大正大学の学生が自主的に企画・運営して実施した「南三陸スタディツアー2023~持続可能な取り組みを学ぶ旅~」。学部も学年も異なる学生12名は、極寒の2月、雪降りしきる南三陸で、いったい何を学び、何を感じたのかに迫ります。
防災・コミュニティ・森里海、南三陸は「学べる町」として最強の環境です。
南三陸町は、震災復興と同時に「学べる町」としてのノウハウを蓄積し続けています。震災前からおこなわれてきた自然と共生する取り組みや、震災以降ゼロから再スタートしたコミュニティ形成を通して、座学では到底得ることの出来ない感覚的・総合的な学びを提供するまち南三陸は、教育旅行など研修旅行での訪問者が後をたちません。学生にとっては「人生の価値観」をも変えることのできる、そんな魅力的な場所なのです。今回は大正大学の学生が企画・運営して実施した3日間のスタディツアーについて、その成果と魅力をお伝えします。
「防災ってなんだろう?」
大正大学の学生は、東京近郊の都市圏で生活する学生がほとんどです。テレビや授業などで「災害」「環境」「地域」と聞いても、津波も来ない、森も無い、隣近所との付き合いも希薄な都市部では、その言葉の本質はおろか、感覚を掴むことすら難しいのです。

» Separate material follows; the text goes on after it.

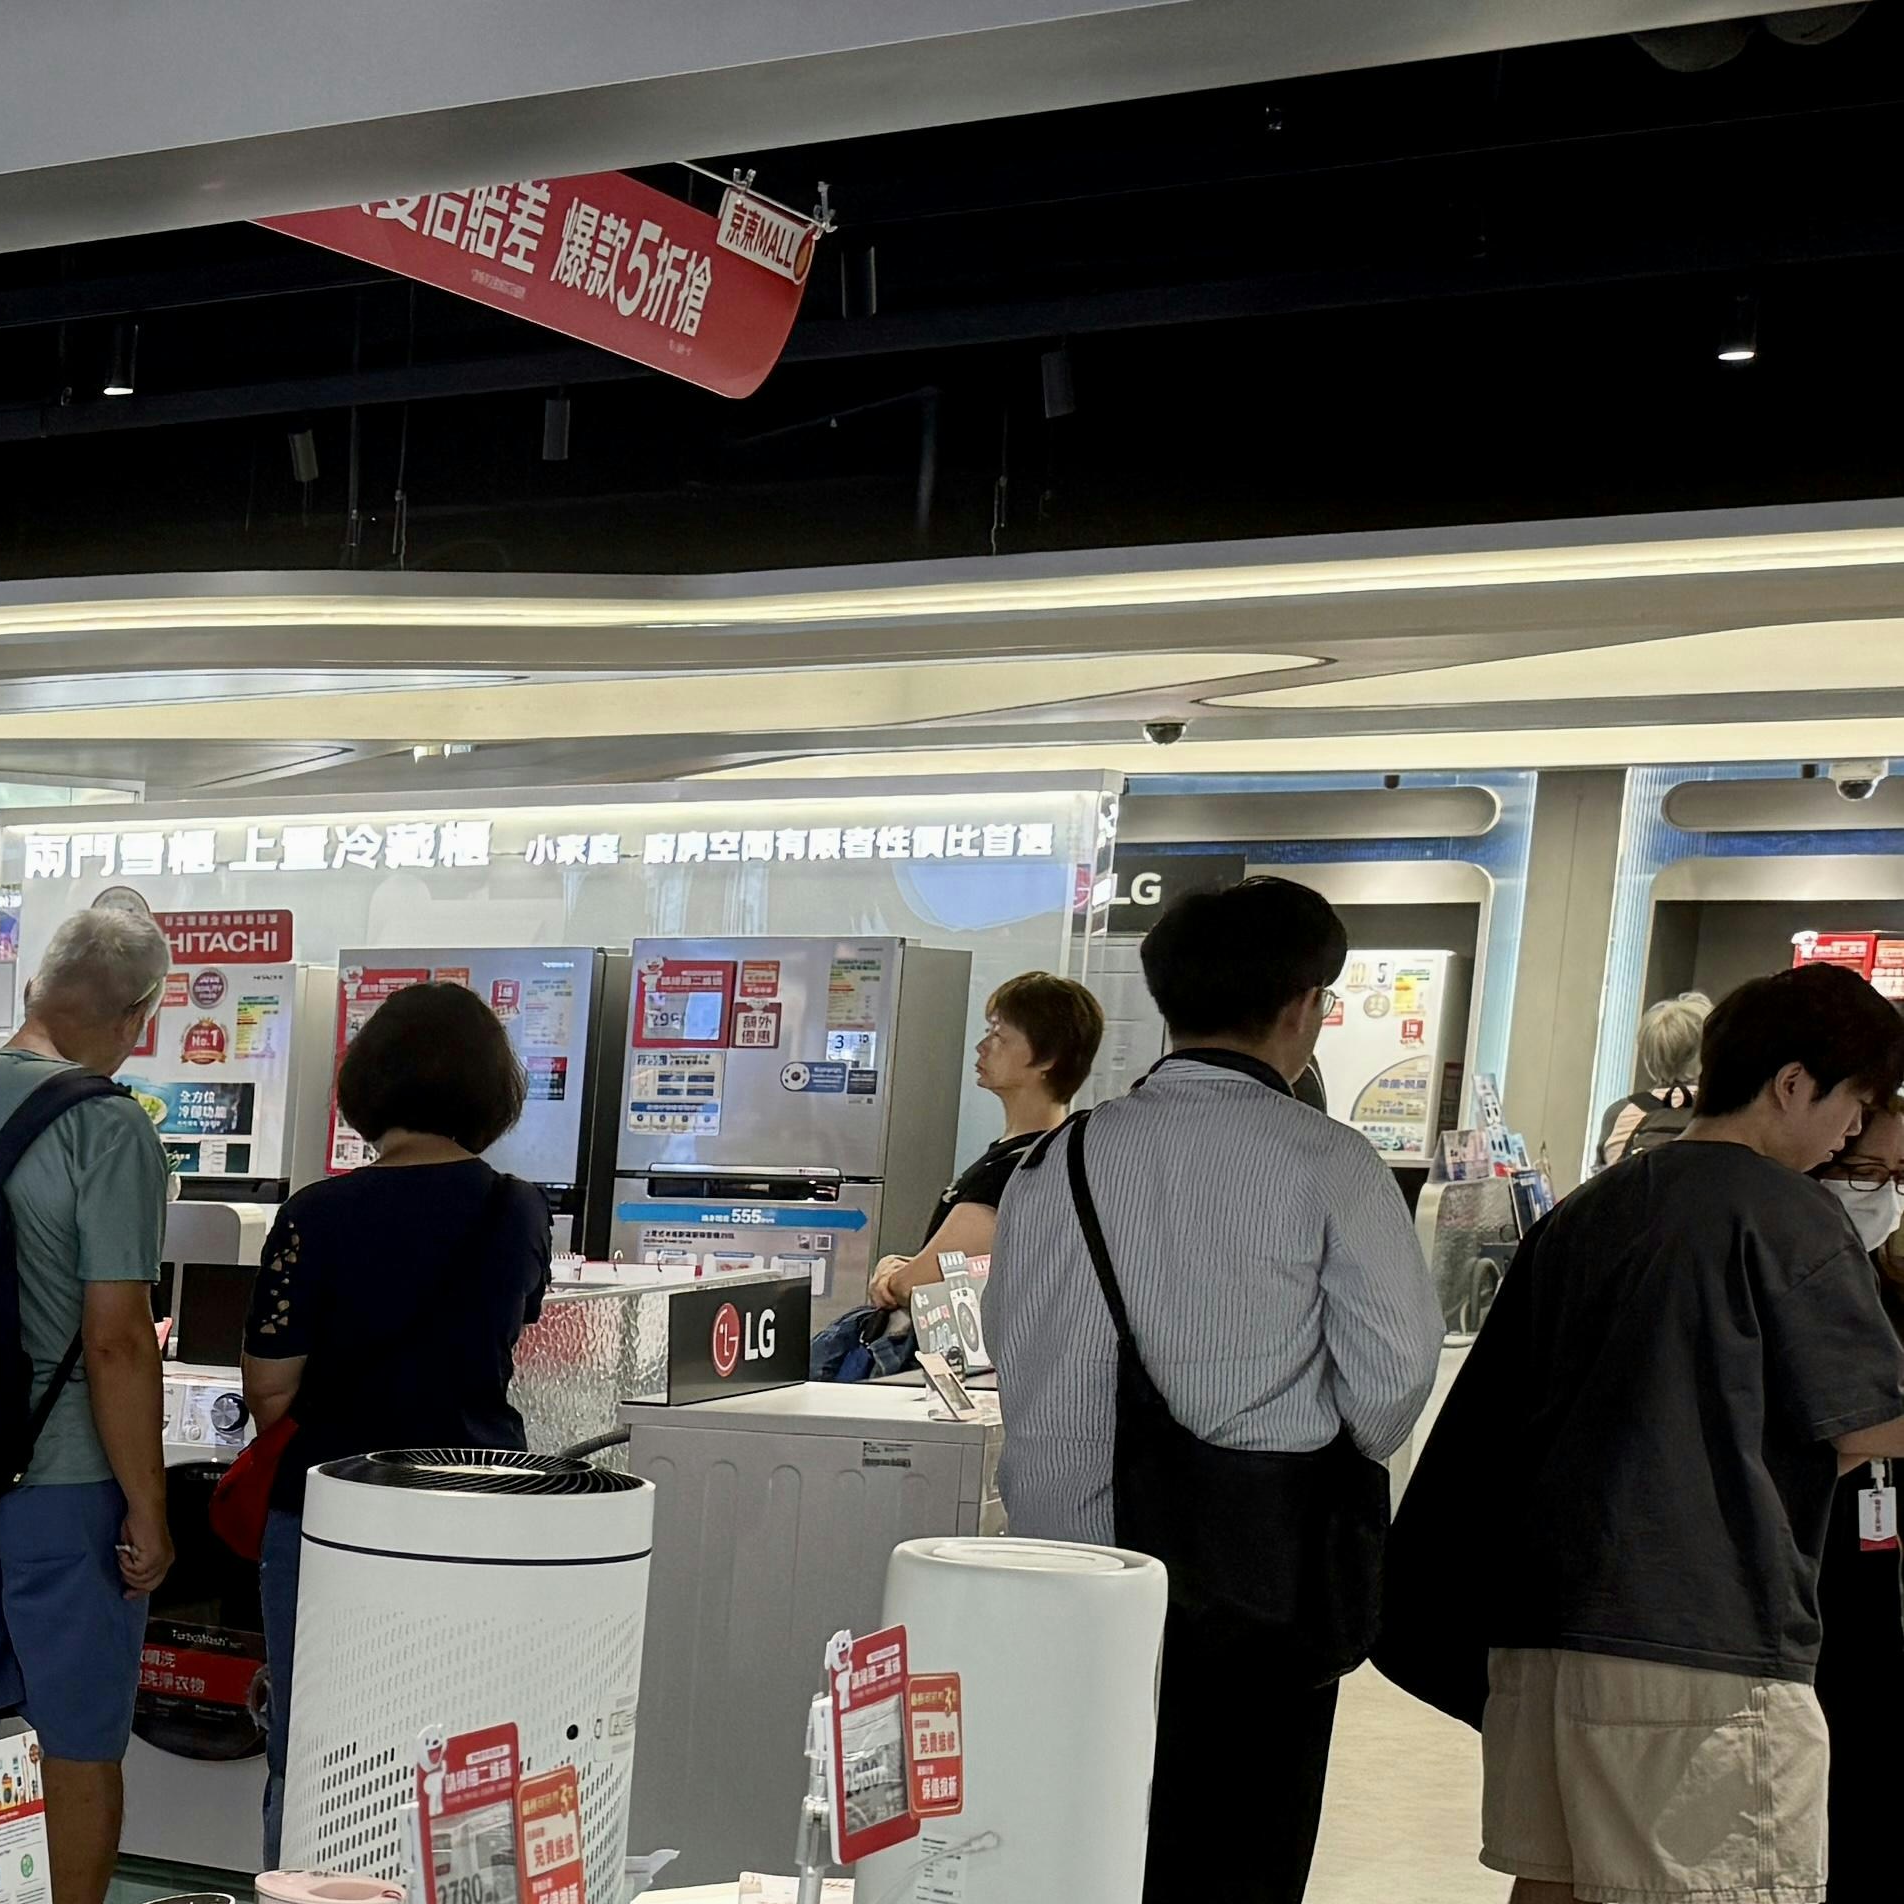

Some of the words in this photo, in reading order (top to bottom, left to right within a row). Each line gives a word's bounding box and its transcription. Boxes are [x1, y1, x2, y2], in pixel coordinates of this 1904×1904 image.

ツアー初日は、「南三陸311メモリアル」での体験学習と、バスでの解説付きの町内視察を通して、「率先避難」の大切さや、日頃の「避難計画」の重要性を学びました。
戸倉地区にある五十鈴神社では、小学校の屋上は危険と判断して神社避難に変更したとっさの判断力や、二次・三次避難計画の重要性、老若男女が孤立した高台で一夜を過ごした苦労に思いをはせ、「自分だったら」どう行動していただろうか、と学生なりに意見や感想を出し合いました。
本来はメモリアルでの映像学習と祈念公園のみ訪問予定でしたが、映像内で紹介されていた五十鈴神社に「行きたい」という学生の意見から、訪問が実現しました。
「防災を自分事化する」とは
大災害に見舞われることの少ない都市部では、「津波」がどう怖いのか、「避難」という行為自体も、なかなか実感することができせん。そんな学生にとっては、現地を訪問することが防災の「自分事化」に繋がります。
どんなに災害に強い都市部であっても、ひとたび首都直下地震が発生すれば、建物の倒壊や火災、帰宅困難者といったリスクに見舞われるといわれています。少なくともこのツアーに参加した学生は、自分の街でも「率先避難者」となって、ひとりでも多くの命を救える存在になれればと感じました。
「伝えること」の難しさ
今回のツアーでは、後述のフィールドワークで学んだ事を全員の前で発表する機会を設け、質疑応答や意見の共有をおこないました。学習成果を「まとめて発表する」というプロセスを経て学びを深めることが目的ですが、3日間のツアーの成果を短い時間で人に伝えることは想像以上に難しいと感じました。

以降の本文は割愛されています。